The NSE is responsible for ensuring that consumers have the information they need to make the right choices for their families' energy needs. To date, they have achieved this through successful partnerships with electricity providers such as PG&E (Pacific Gas and Electric) and Eversource (New England's largest electric utility), as well as solar panel manufacturers such as SunPower and Sungevity. Through this work, NSE has grown from 20,000 to 25,000 unique visitors per month and now has over 500,000 subscribers to their email list.

In general, NSE is in favor of greater consumer choice and supports any effort to give energy consumers more choice. For example, NSE supports legislation in the California state legislature that would allow electric companies to sell competitors' electricity directly to consumers. This would give them more options and control over their energy bills and allow consumers to find cheaper sources of energy.


To make a solar powered home financially viable, NSE advises consumers to follow the four steps related to credit.

1. Determine your income

The first step to buying a solar powered home is to determine your income. To do this, look at your monthly income and expenses and figure out how much you have left. Your income can come from a variety of sources, including wages, investments and government benefits. Your expenses can include everything from rent to transportation costs to utility bills. By combining your income with your expenses, you get a clear picture of your financial situation. This is what NSE refers to as your cash on hand.

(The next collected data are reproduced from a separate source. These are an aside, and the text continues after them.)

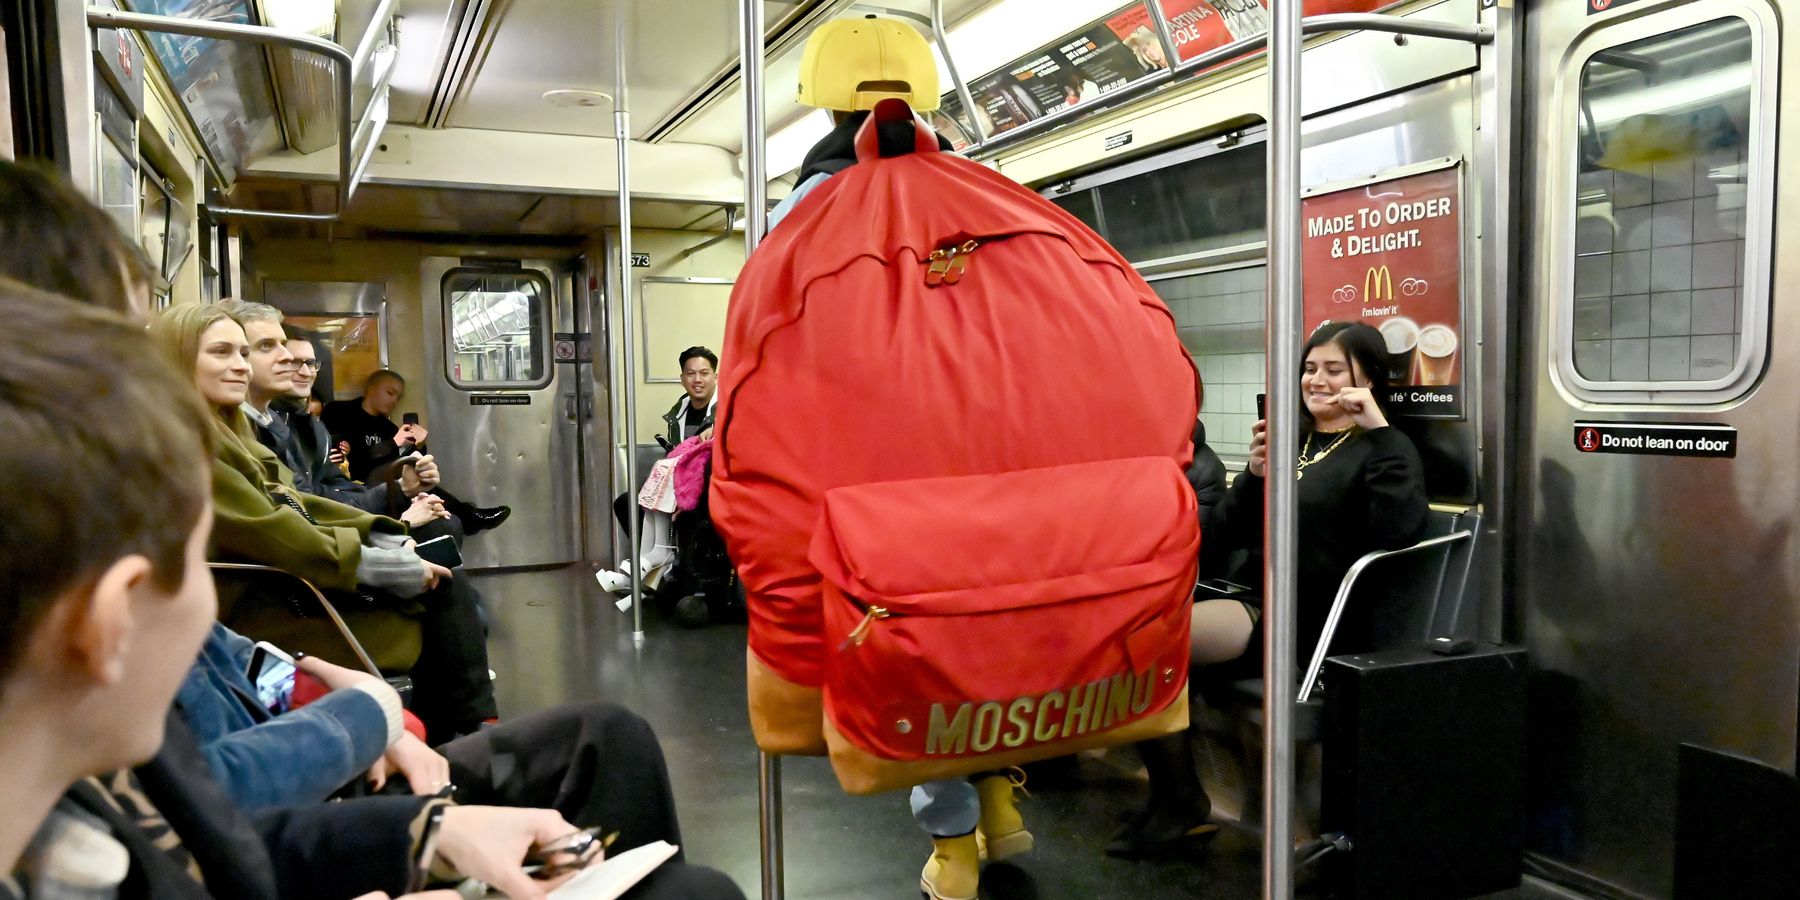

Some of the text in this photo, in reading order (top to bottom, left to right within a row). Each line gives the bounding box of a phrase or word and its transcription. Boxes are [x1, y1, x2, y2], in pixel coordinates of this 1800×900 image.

[1167, 6, 1213, 31] ARTINA
[1308, 214, 1355, 238] MADE
[1385, 197, 1451, 225] ORDER
[1331, 229, 1421, 258] & DELIGHT.
[631, 255, 650, 266] 573
[1388, 392, 1453, 402] afé Coffees
[1602, 434, 1729, 451] Do not lean on door
[925, 665, 1157, 754] MOSCHINO

If you do not have enough money left after paying your expenses, NSE recommends that you look for additional sources of income to cover the cost of your system. For example, consider getting a mortgage on your home or getting a credit card that offers cash back rewards.

2. Choose the right time to buy

The second step is choosing the right time to buy a solar powered home. In this connection, you must consider when you will consume the generated energy and how much the purchases will cost. For example, if you plan to use the energy produced during the day, it is best to buy a system that works in 12-hour mode and is fully charged at night.

In addition, NSE recommends that you purchase a system that fits your current power plan. If you are already a customer of an electricity supplier, you can inquire about their special financing offer or see what tariffs they are currently offering their customers.

3. Check different financing options

Once you have determined your income and expenses, NSE recommends that consumers explore various financing options, such as loans and grants. Loans are long-term obligations to repay an amount including interest. Grants are money that the government makes available to you without you having to pay anything back. You normally have to fill out a form to apply for a grant, but the NSE says you shouldn't wait too long for the government's feedback.

While a loan gives you the funds to make a purchase, a grant allows you to make larger investments in renewable energy sources and protect the environment by reducing your dependence on fossil fuels. When you have to choose between a loan and a grant, NSE recommends choosing the latter.

4. Be ready to make payments

The final step in buying a solar powered home is being ready to pay your utility bills. This includes paying your electricity provider regularly, even if you don't use much power. For example, if you are a light sleeper and wake up during the night to use the bathroom or go for a walk, consider purchasing a solar-powered system that automatically adjusts output to meet your needs.